Itamar Katz Itamar Katz - 2 months ago 16
iOS Question

What is the canonical audio sample data type in iOS 5

In the iOS 5.0 documentation it is stated that the canonical audio data type is 16 bit signed int (link):


The canonical audio data sample type for input and output.

typedef SInt16 AudioSampleType;

Discussion

The canonical audio sample type for input and output in iPhone OS is
linear PCM with 16-bit integer samples.


However if I right-click "jump to definition" on
AudioSampleType
I see the following definition, in
CoreAudioTypes.h
:

#if !CA_PREFER_FIXED_POINT
typedef Float32 AudioSampleType;
typedef Float32 AudioUnitSampleType;
#else
typedef SInt16 AudioSampleType;
typedef SInt32 AudioUnitSampleType;
#define kAudioUnitSampleFractionBits 24
#endif


and again when jump-to-def for
CA_PREFER_FIXED_POINT
I see:

#if !defined(CA_PREFER_FIXED_POINT)
#if TARGET_OS_IPHONE
#if (TARGET_CPU_X86 || TARGET_CPU_X86_64 || TARGET_CPU_PPC || TARGET_CPU_PPC64) && !TARGET_IPHONE_SIMULATOR
#define CA_PREFER_FIXED_POINT 0
#else
#define CA_PREFER_FIXED_POINT 1
#endif
#else
#define CA_PREFER_FIXED_POINT 0
#endif
#endif


Checking in my code at run-time, I see that
CA_PREFER_FIXED_POINT
is defined to be 1, both on the simulator and on my iPod.

So, my questions:


  • What is the canonical type? Is it always
    SInt16
    on the device?

  • Under what case does the 3rd line above evaluates to 'true'? I mean, which device runs iPhone OS and use one of listed CPU's?
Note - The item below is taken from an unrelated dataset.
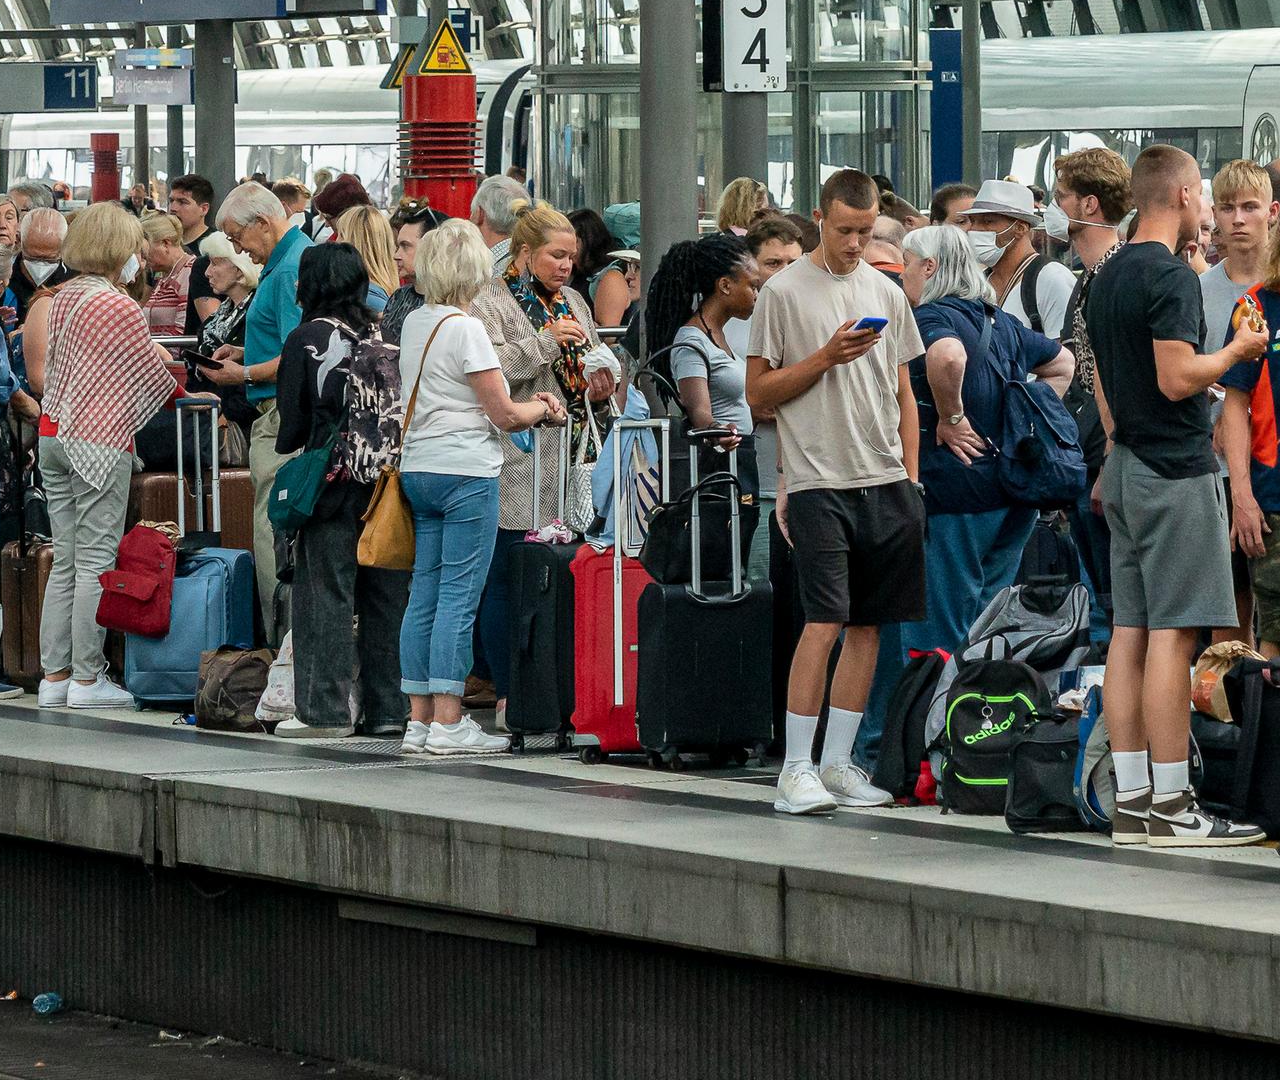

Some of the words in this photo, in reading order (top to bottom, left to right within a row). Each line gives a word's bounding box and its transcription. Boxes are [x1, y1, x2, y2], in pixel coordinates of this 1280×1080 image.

  • Is there a use case where I should re-define
    CA_PREFER_FIXED_POINT
    to 0 (when programming for iPhone)?


Answer

Read the contents of the link, and this line in your headers again:

#define kAudioUnitSampleFractionBits 24

The canonical type for audio input and output is equivalent to SInt16.

The canonical type for other audio processing, such as the new iOS 5 filter Audio Units, is 8.24 signed fixed-point.

If you do your own DSP code for near real-time iOS audio processing, benchmark it with the different types, as on some of the newest ARM cores, sequences of 32-bit floats are often faster than using either of the above canonical types, and coded in NEON asm code even faster.